Baca juga: Kami Minta Jenderal Andika Perkasa Hukum Pelaku Mutilasi di Mimika Seberat-beratnya
Sampai saat ini dilaporkan ada 6 anggota TNI AD yang ditetapkan menjadi tersangka dalam kasus itu. Mereka adalah 2 perwira infanteri yakni Mayor Inf HF dan Kapten Inf DK, serta Praka PR, Pratu RAS, Pratu RPC dan Pratu R.
Sedangkan, empat tersangka dari kalangan sipil yakni APL alias J, DU, R, dan RMH. Untuk tersangka sipil ditangani pihak kepolisian.
Selain itu, terdapat 2 orang anggota TNI AD yang masih diperiksa karena diduga ikut menikmati uang para korban yang dirampok para tersangka yang berjumlah Rp 250 juta.
Para tersangka diduga sudah berniat merampok para korban.
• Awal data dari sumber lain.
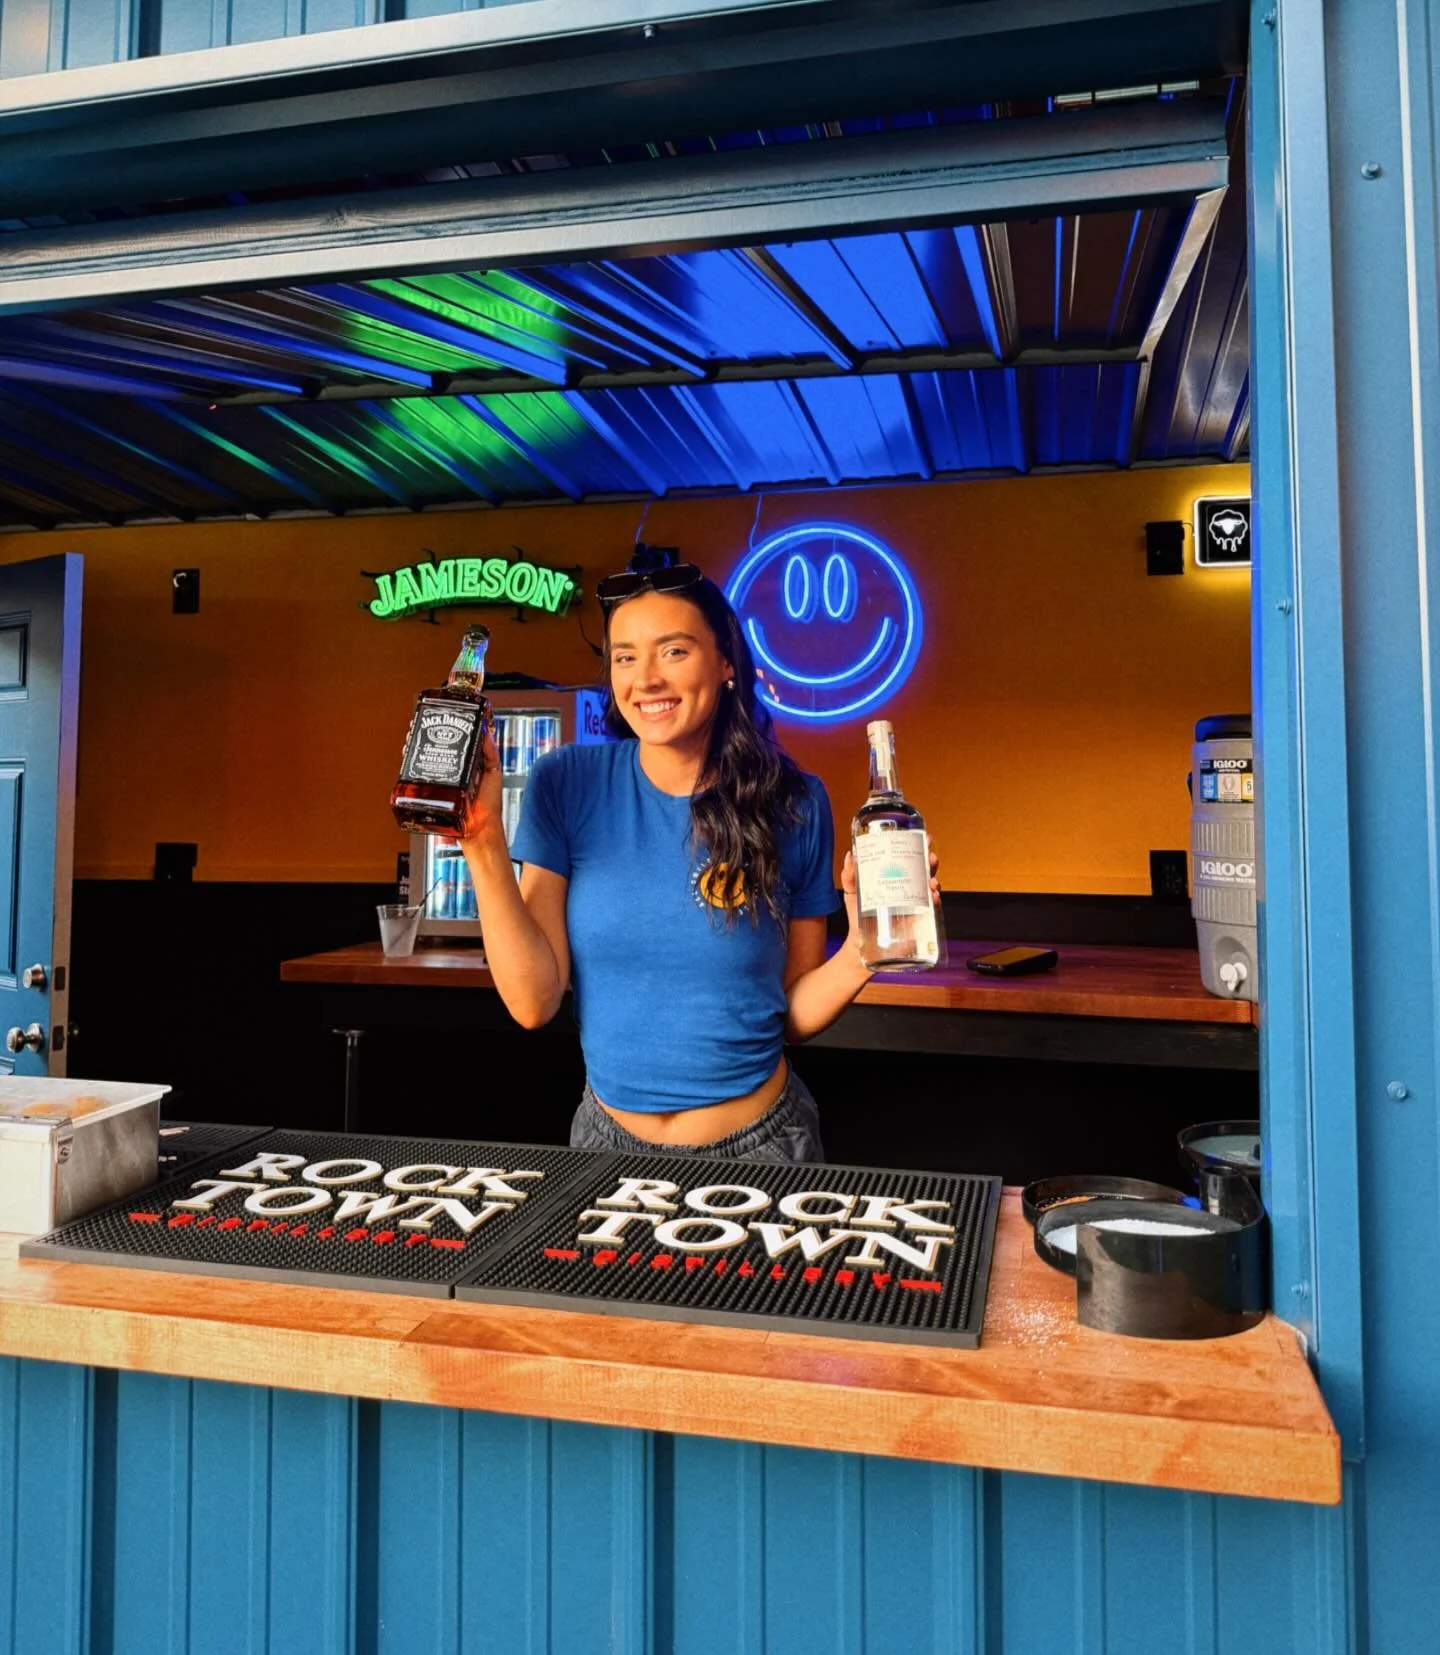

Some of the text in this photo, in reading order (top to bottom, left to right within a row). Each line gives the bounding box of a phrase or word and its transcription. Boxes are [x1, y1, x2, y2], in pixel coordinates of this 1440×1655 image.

[369, 557, 570, 617] JAMESON
[421, 715, 442, 729] JACK
[1213, 760, 1248, 769] IGLOO
[1200, 861, 1253, 877] IGLOO
[220, 1152, 545, 1200] ROCK
[172, 1179, 516, 1234] TOWN
[596, 1177, 956, 1232] ROCK
[577, 1209, 956, 1272] TOWN
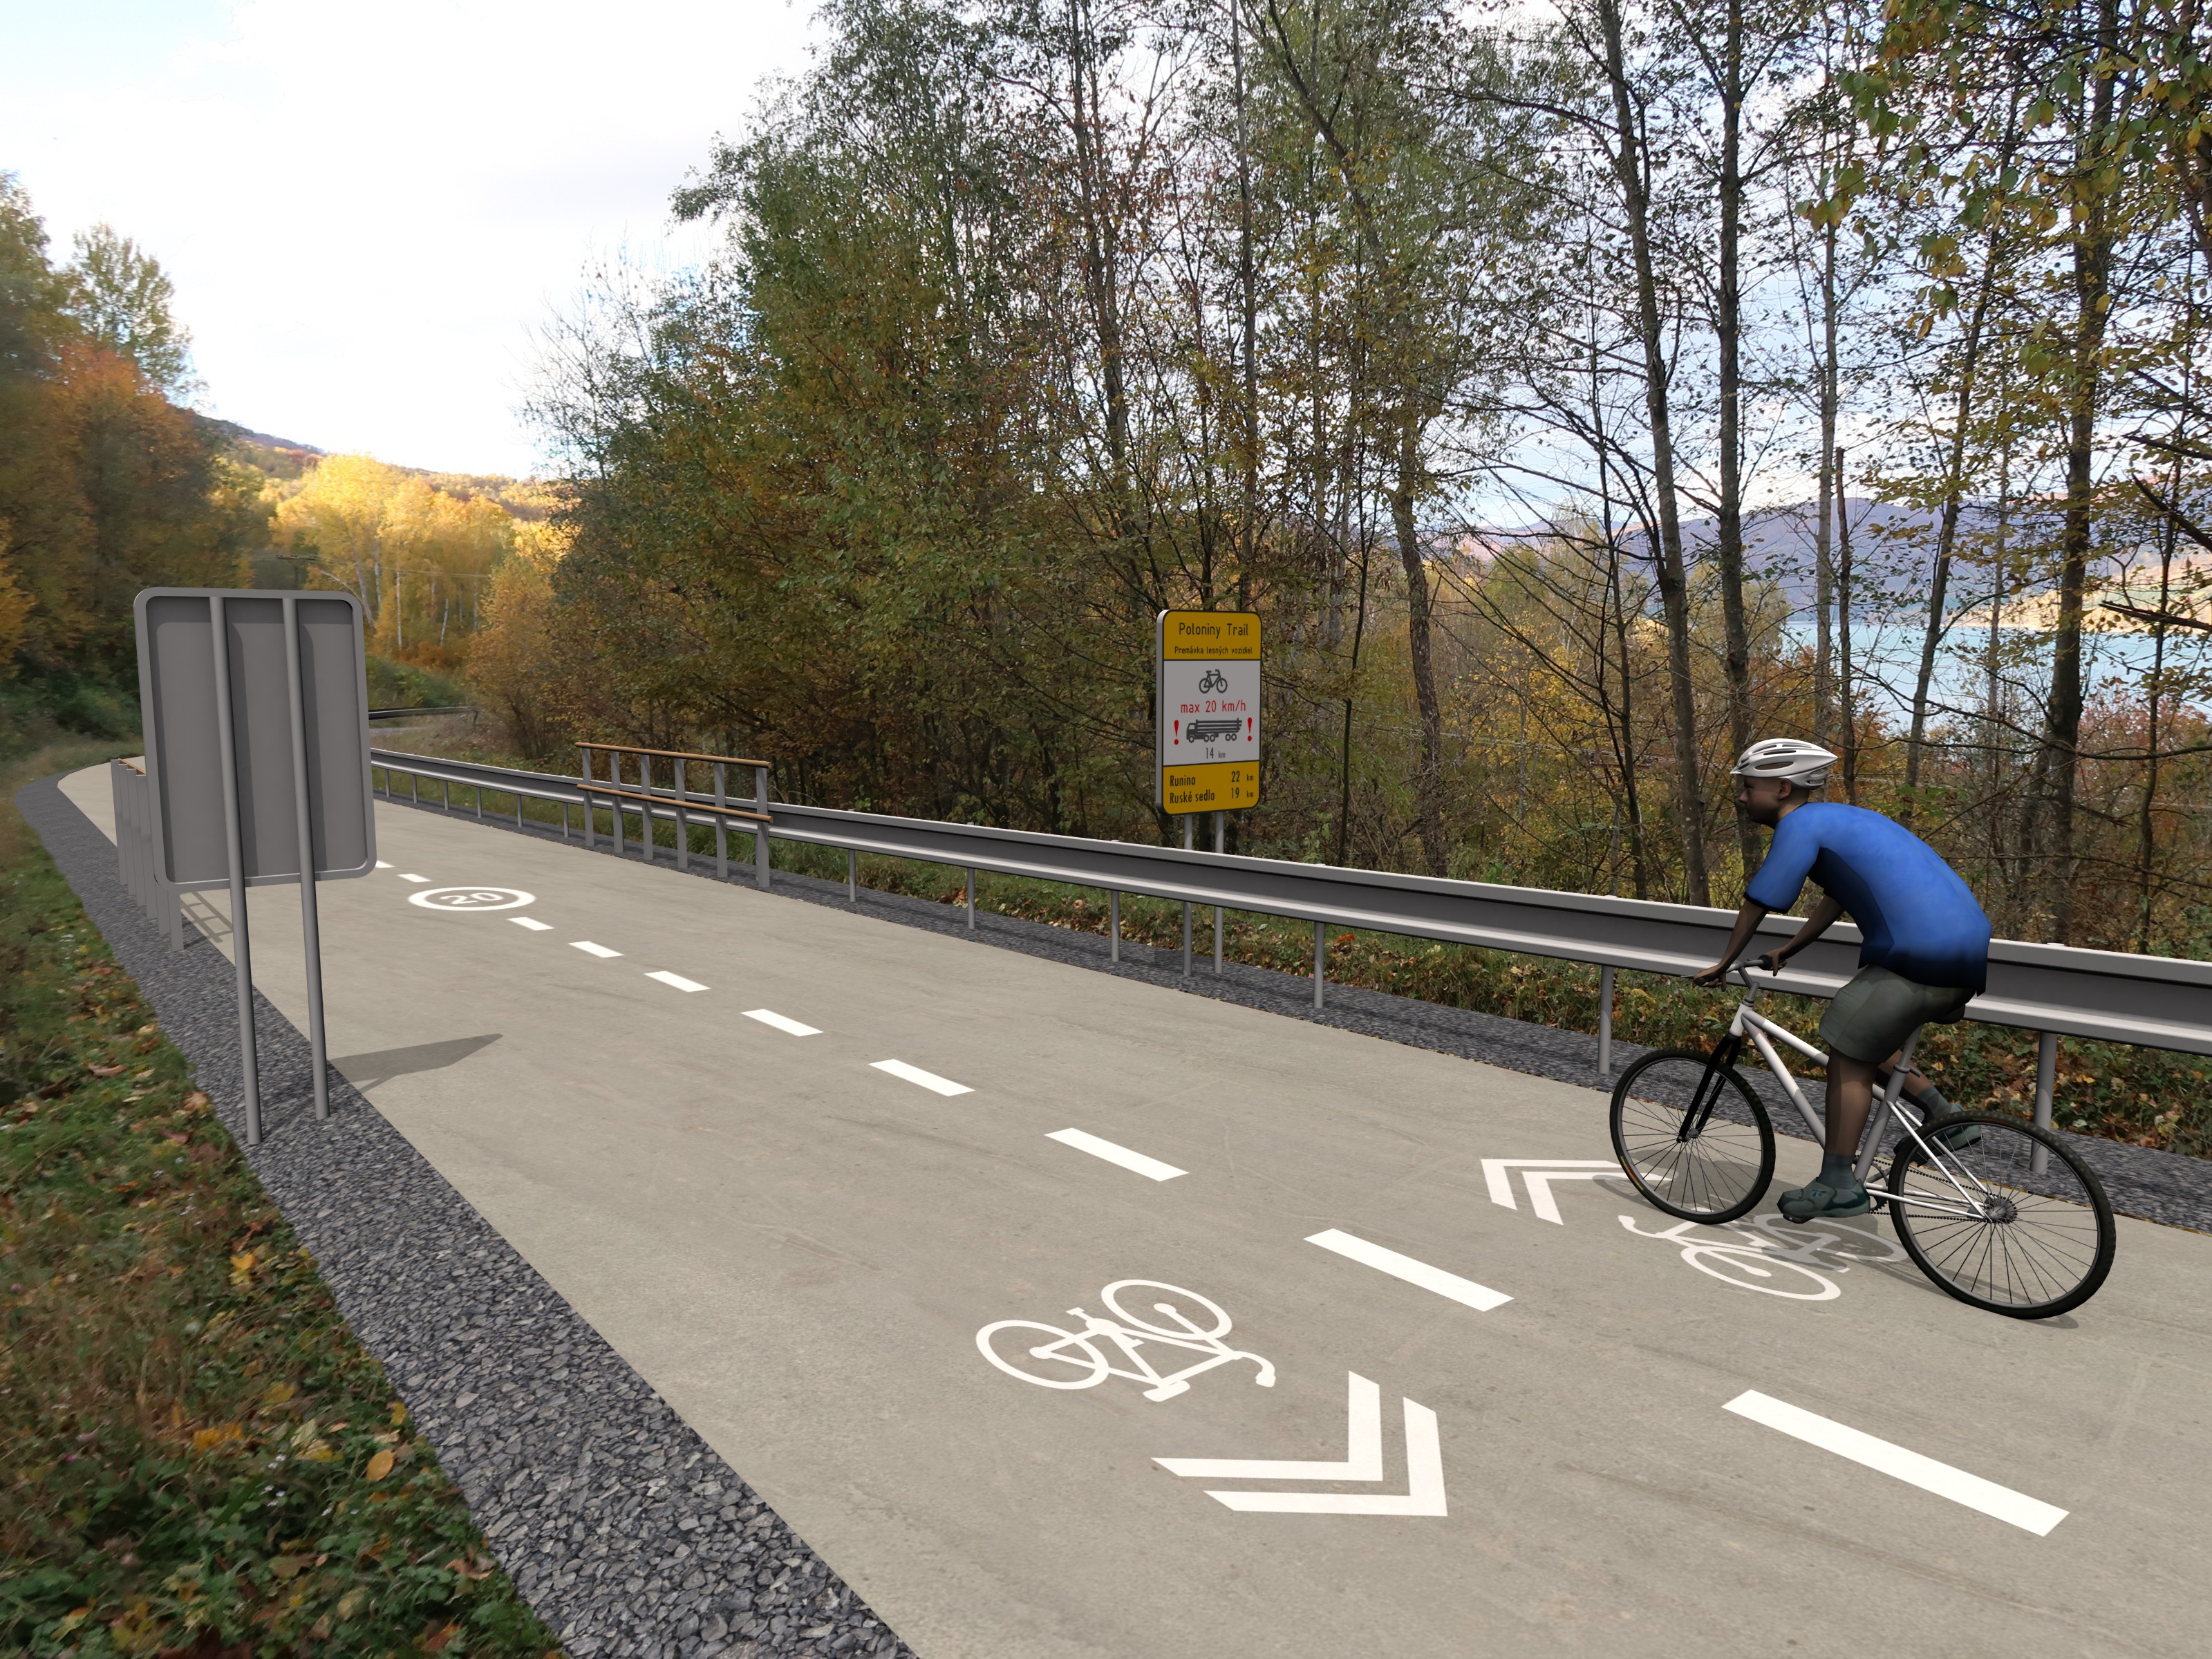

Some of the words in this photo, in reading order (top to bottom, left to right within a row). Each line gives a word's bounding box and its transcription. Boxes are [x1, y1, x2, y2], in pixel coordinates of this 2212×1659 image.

[1179, 623, 1221, 639] Poloniny
[1227, 624, 1248, 635] Trail
[1174, 646, 1203, 654] Premávka
[1206, 646, 1228, 656] lesných
[1181, 704, 1199, 713] max
[1206, 700, 1217, 713] 20
[1222, 700, 1246, 712] km/h
[1206, 747, 1214, 759] 14
[1170, 775, 1195, 787] Runina
[1231, 771, 1240, 782] 22
[1170, 791, 1192, 804] Ruské
[1195, 789, 1215, 802] sedlo
[1231, 787, 1239, 799] 19
[439, 892, 504, 905] 20
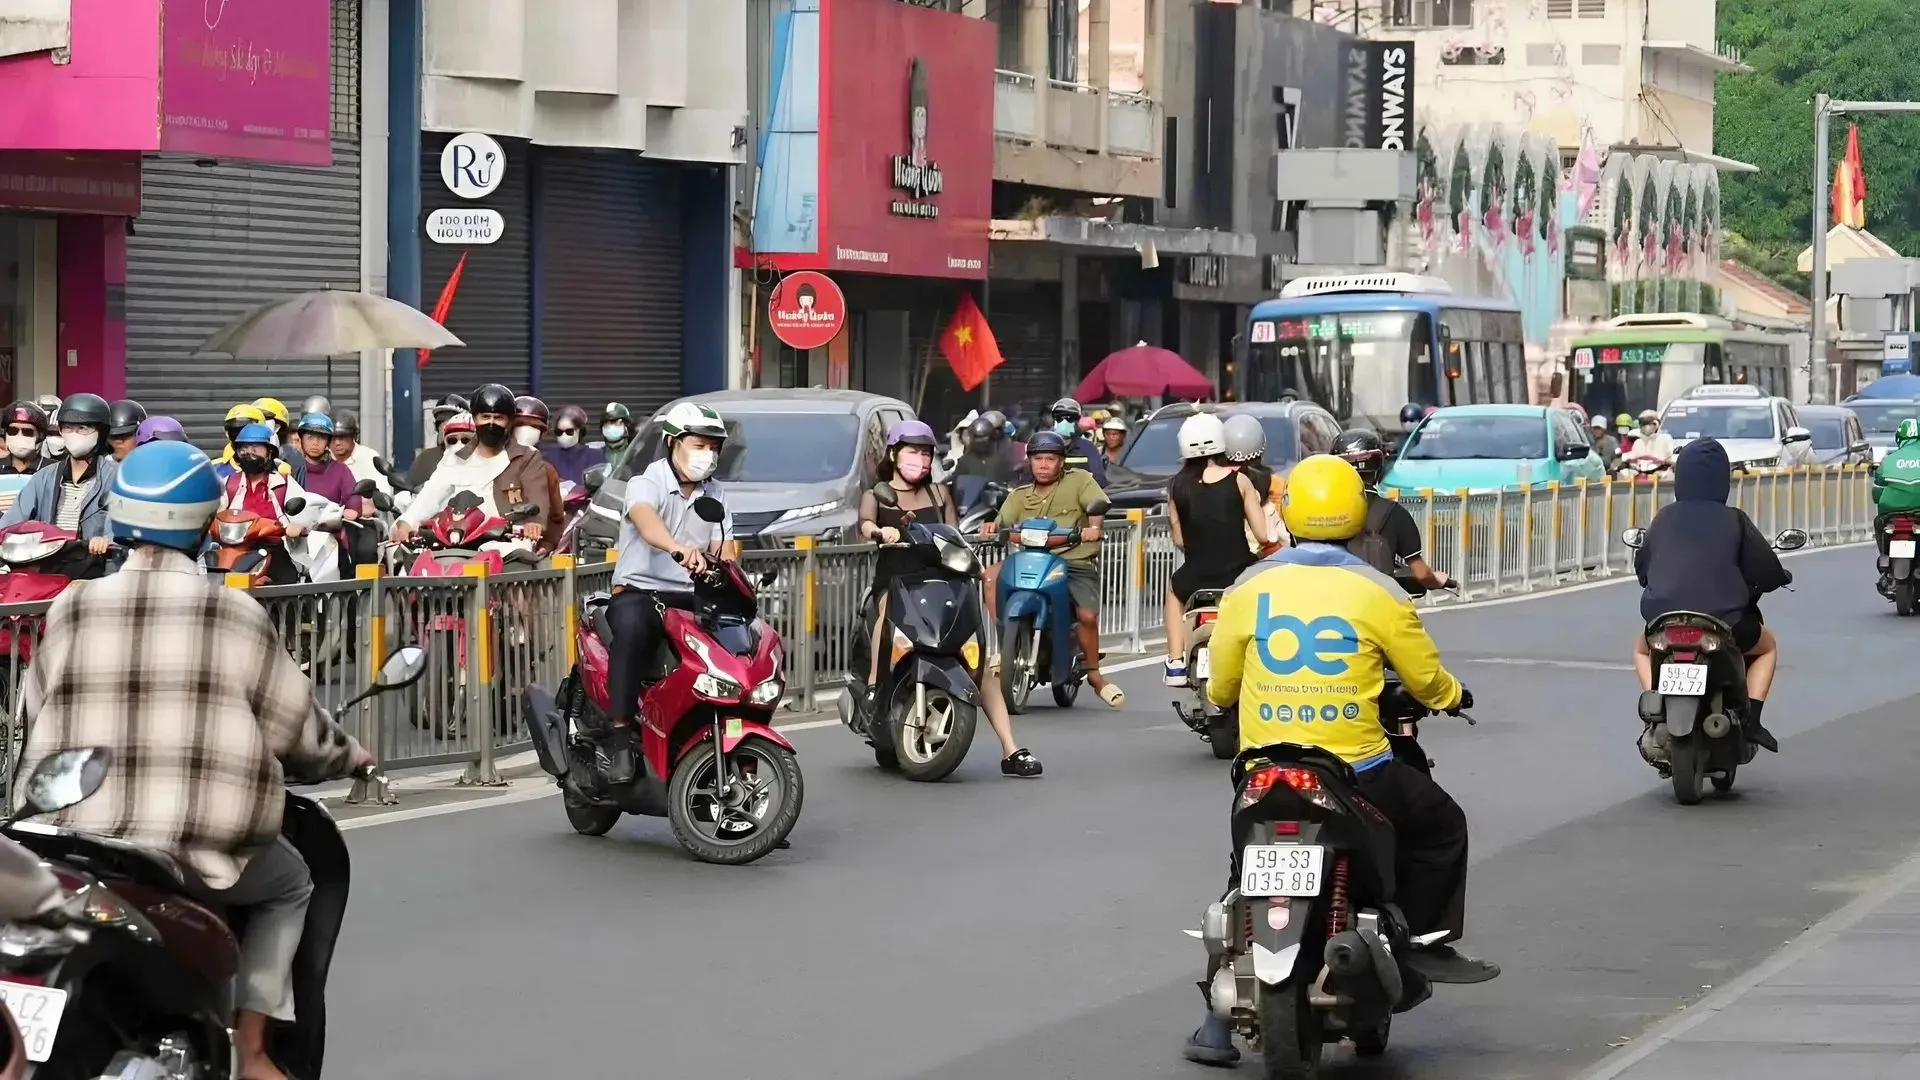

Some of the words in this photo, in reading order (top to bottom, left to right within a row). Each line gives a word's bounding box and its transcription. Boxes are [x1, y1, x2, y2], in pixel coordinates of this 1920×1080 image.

Caranya adalah memancing keempat korban dengan iming-iming menjual senapan serbu AK-47.
Keempat korban kemudian membawa uang senilai Rp 250 juta sesuai nilai senjata yang akan dijual.
Korban dan pelaku kemudian bertemu Distrik Mimika Baru, pada 22 Agustus 2022 sekitar pukul 21.50 WIT. Namun, para pelaku justru membunuh mereka.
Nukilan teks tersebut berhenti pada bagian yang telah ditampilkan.